La mente puede todo. Y no es por soberbia, mucho menos por omnipotencia. Es una realidad, que la mente puede más que la realidad misma. Y puede dominar al cuerpo, pero no puede consigo misma. Entender es el principio para saber, que la mente puede más que mil palabras. Que ni el cuerpo se escapa a sus designios, inconscientes o concientes. De ellos depende, saber que uno puede dominarse o no.
La mente domina al cuerpo. Le marca, con el deseo, los caminos a seguir. Si enfermarse o vivir, si paralizarse o fluir, si mutilarse o perseguir con integridad la misión a alcanzar. Cuando no encuentra las vías para hacer, el cuerpo se le cruza en el camino. El despliegue se vuelve maldito, y el cuerpo se enferma, sin razones, aparentemente. Sabemos enfermar, pero no sabemos aún curar. El cuerpo padece los designios de la mente, sus órdenes y sus ribetes, esas vueltas que da en la esquina, sin encontrar la salida, entonces encuentra un refugio allí. En el cuerpo que no puede huir, cuando la mente no sabe descansar. Ni encuentra la paz. Entonces, tortura al cuerpo.
Un cuerpo con memoria. Un cuerpo que se desdobla y puede transmitir con claridad, las órdenes que a su pesar, debe cumplir para la mente. Y el mundo emocional, se vierte como una jarra sobre las capacidades del cuerpo. Con la posibilidad de contener, con la única alternativa de hacerse cargo del mundo que está atormentado. Uno, muchas veces, se traga todo. Porque elije no hablar, porque elige llevar (encima) las marcas de un suceso, que puede ser vincular, en vez de encontrar una salida más sana. Y el cuerpo no da más, sin embargo, continúa estirando su capacidad de almacenamiento, del dolor, del deseo, de la bronca; de lo siniestro.
A veces, el cuerpo elige tropezar. Y caerse en una zanja. Hacer un mal movimiento, una mala interpretación, una idea torcida, una emoción que complica. Y el cuerpo se quiebra. Se cruza en la carretera, por la falta de reflejos frente a los sucesos que la vida le depara. Y la mente se escapa, al pensar en otras cosas, en el momento menos indicado; cuando el cuerpo está cruzando la calle. De una vereda a otra, de una forma de pensar a otra. Y en el medio, lo siniestro. Aquello que no se vio, porque el cuerpo estaba en otro lado.

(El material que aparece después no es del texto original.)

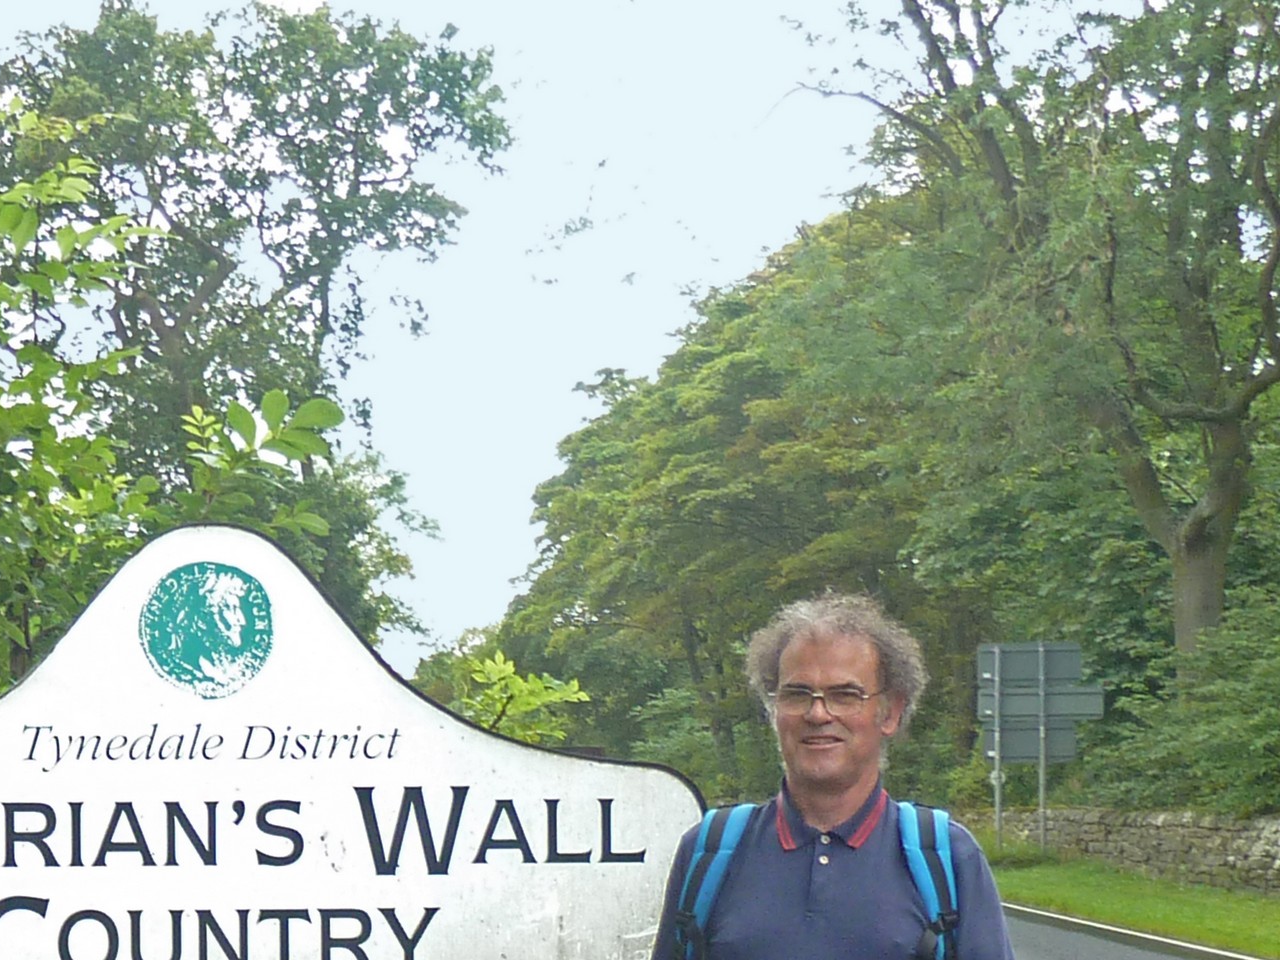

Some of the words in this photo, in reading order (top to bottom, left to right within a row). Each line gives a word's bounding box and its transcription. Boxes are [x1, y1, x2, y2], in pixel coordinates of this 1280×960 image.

[22, 723, 224, 773] Tynedale
[237, 724, 403, 761] District
[352, 785, 647, 876] WALL
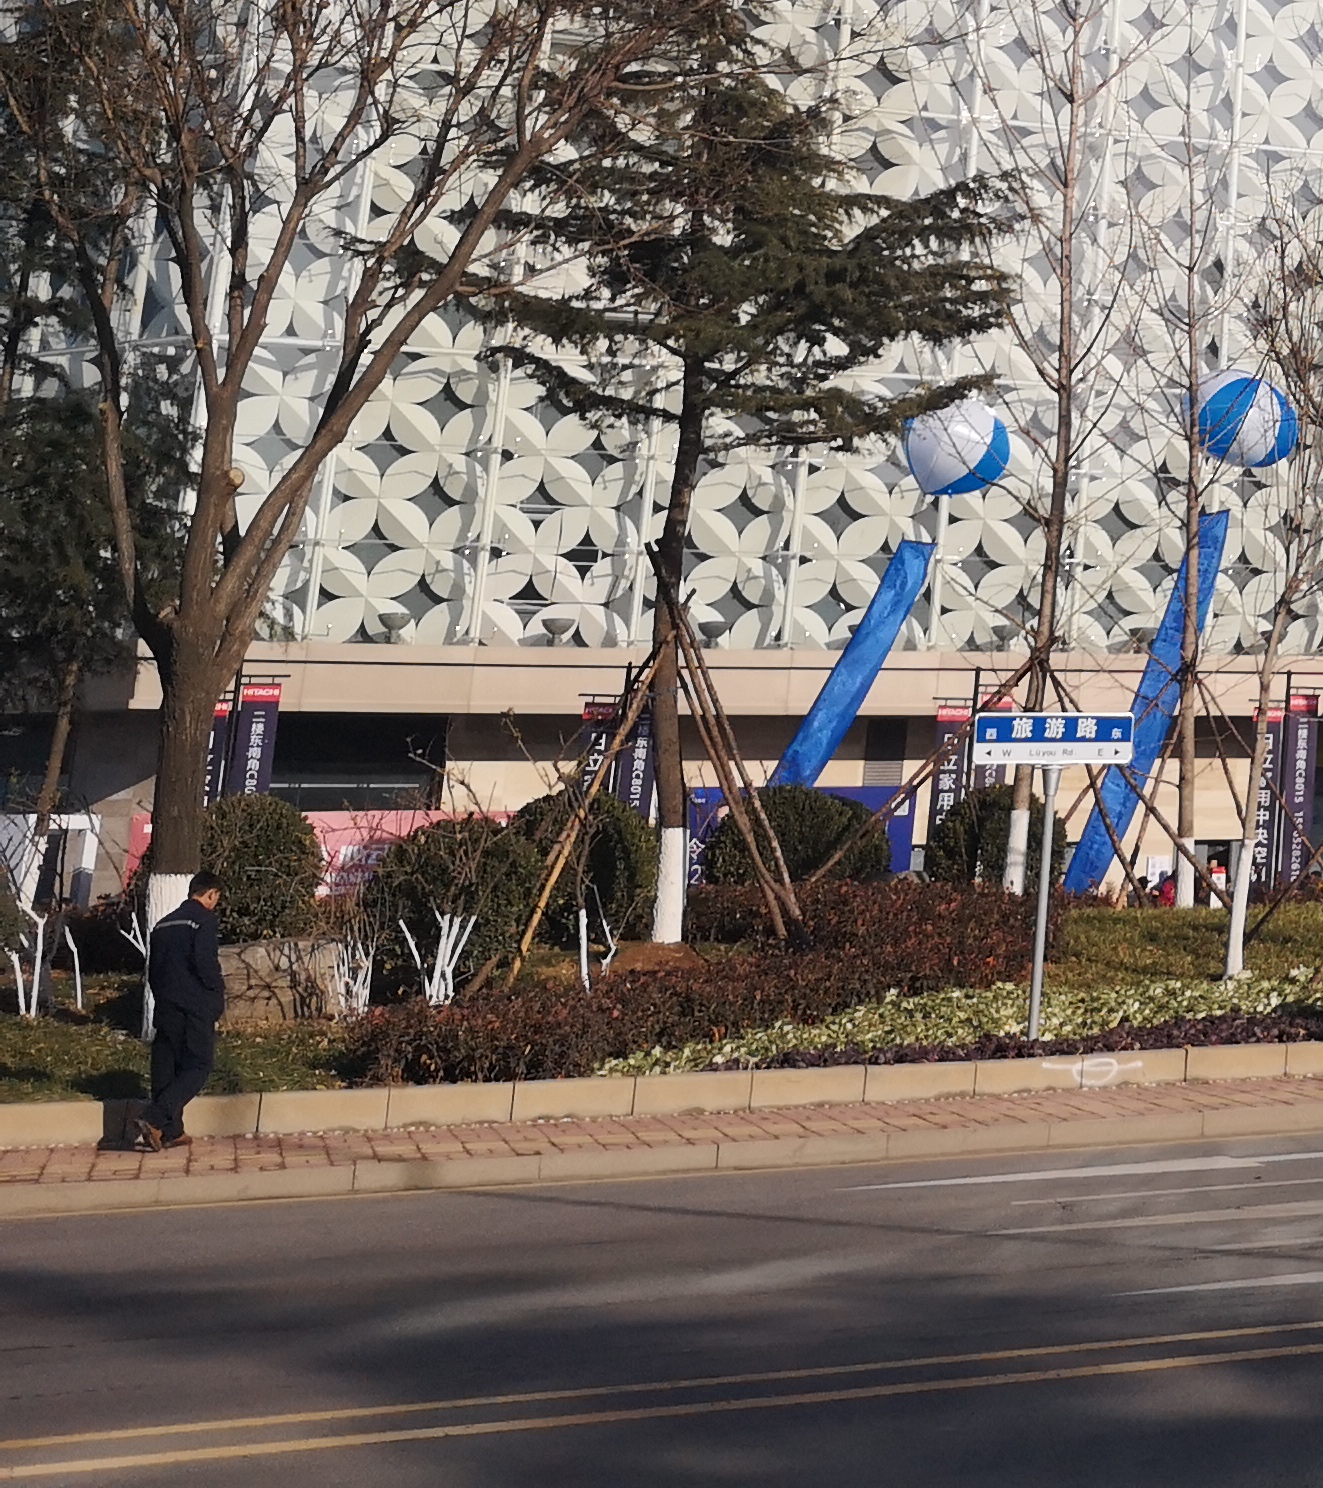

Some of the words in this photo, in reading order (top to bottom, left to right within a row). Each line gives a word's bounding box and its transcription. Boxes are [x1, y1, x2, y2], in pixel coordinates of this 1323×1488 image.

[244, 688, 280, 696] HITACHI
[1011, 717, 1098, 739] 旅游路
[1002, 749, 1012, 757] W
[1097, 749, 1104, 757] E

En otros tiempos, el cuerpo ya viejo de tantas cosas que le han pasado, elije ser llevado a la morgue judicial. Una sentencia con condena directa, porque se le inyecta cualquier cosa, para soportarlo. Porque, es cierto, cuando el cuerpo es nuestro flagelo, sabe de descontentos, sabe de dolor, sabe de sufrimiento. Al igual, que lo generado con veneno por una mente que no puede tener un poco de piedad. Que exige y esclaviza. Que atrapa y subjetiviza.

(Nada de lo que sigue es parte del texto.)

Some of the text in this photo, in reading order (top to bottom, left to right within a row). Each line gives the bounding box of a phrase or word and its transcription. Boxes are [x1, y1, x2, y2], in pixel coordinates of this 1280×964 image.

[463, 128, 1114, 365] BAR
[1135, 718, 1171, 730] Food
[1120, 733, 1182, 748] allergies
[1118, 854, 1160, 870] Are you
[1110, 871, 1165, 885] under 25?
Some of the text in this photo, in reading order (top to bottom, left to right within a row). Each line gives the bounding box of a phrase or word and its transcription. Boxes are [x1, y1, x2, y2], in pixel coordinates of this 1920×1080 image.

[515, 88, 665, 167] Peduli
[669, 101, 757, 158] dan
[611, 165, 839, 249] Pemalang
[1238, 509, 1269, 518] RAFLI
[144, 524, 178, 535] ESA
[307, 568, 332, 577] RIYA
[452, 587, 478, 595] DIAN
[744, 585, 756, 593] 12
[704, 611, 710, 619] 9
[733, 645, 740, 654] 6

Y el cuerpo se domina. Bajo las ordenes autoritarias de una mente que no puede salir de su jaula. Por más que lo intente.

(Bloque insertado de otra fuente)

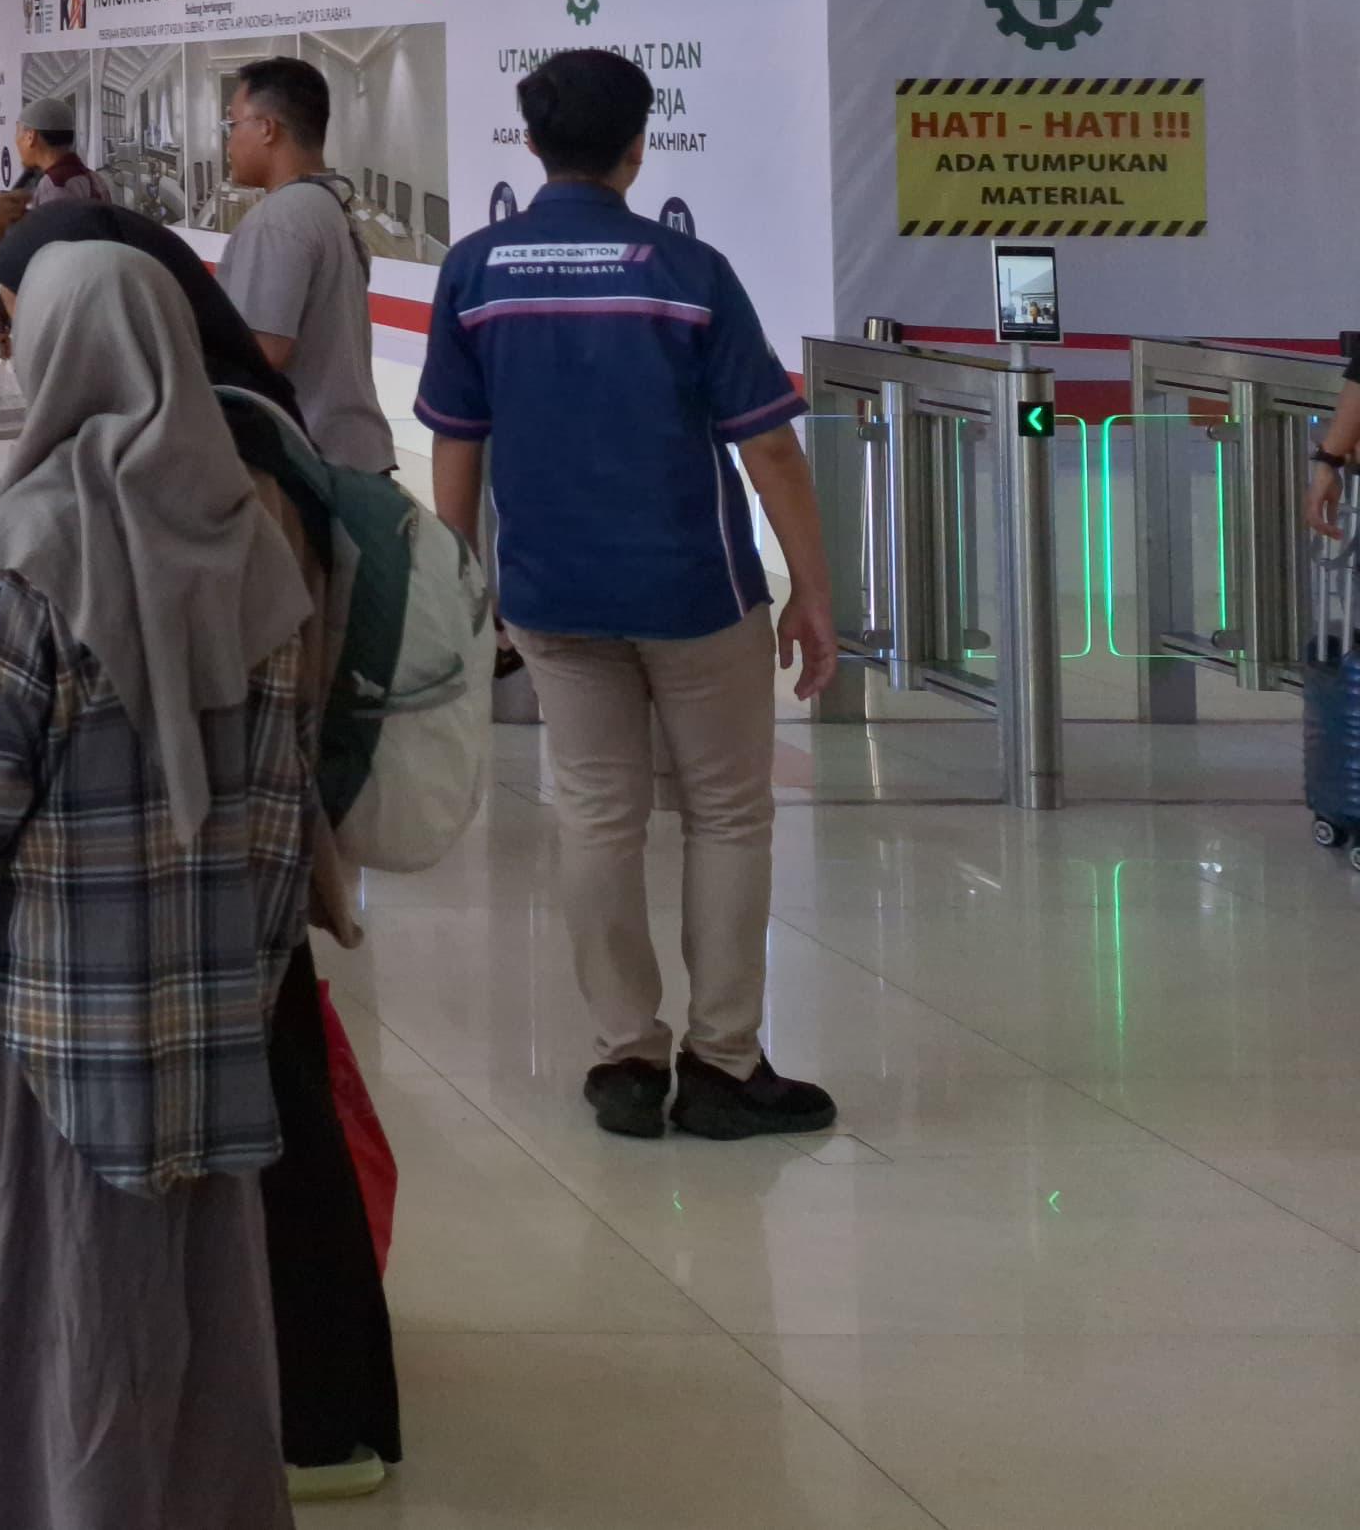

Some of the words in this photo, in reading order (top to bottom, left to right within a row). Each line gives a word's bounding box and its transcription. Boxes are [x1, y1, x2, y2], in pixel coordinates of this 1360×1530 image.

[661, 41, 702, 70] DAN
[911, 111, 1007, 138] HATI
[1044, 111, 1141, 138] HATI
[1153, 111, 1191, 138] !!!
[493, 128, 521, 145] AGAR
[649, 132, 707, 152] AKHIRAT
[935, 153, 995, 173] ADA
[1004, 153, 1168, 173] TUMPUKAN
[981, 186, 1125, 205] MATERIAL
[496, 250, 528, 259] FACE
[531, 247, 619, 258] RECOGNITION
[508, 266, 544, 275] DAOP
[558, 265, 625, 274] SURABAYA

Es la misma mente que sabe dominar a la realidad. Que hace de ella un mazo de cartas. Y nada más. Porque todo se puede transformar si la mente lo permite. Aún la realidad más real, se puede cambiar si hay convicción, fuerza y coraje. Una fuerza mental, una convicción sana, que no maltrata sino que busca una salida, aunque sea una simple ventanita. Una canción escrita. Una poesía dicha a la vida. Cuanto más alejada es, más fácil se puede volver su transformación. Cuando es uno el que se modifica.
Pero la dichosa no siempre puede consigo misma. Un karma, una ironía. Una burla de ella misma, porque conoce sus leyes, y sabe que sus reglas no se pueden transgredir, por ser ella misma.
El que sabe lo que sabe, sabe que no sabe tanto.
Así funciona ella. Una enredadera que puede ser pasajera, o puede ser la más bella de las criaturas en expansión. Pero siempre conocerá de sus torpezas, y no podrá dejar de ser ella. Salvo que alguien la modifique.
El cambio de la mente se produce solamente por el cambio de la gente. El otro. Esa mente que está enfrente, es la única que puede con la mente de este lado.
O sea, el espejo.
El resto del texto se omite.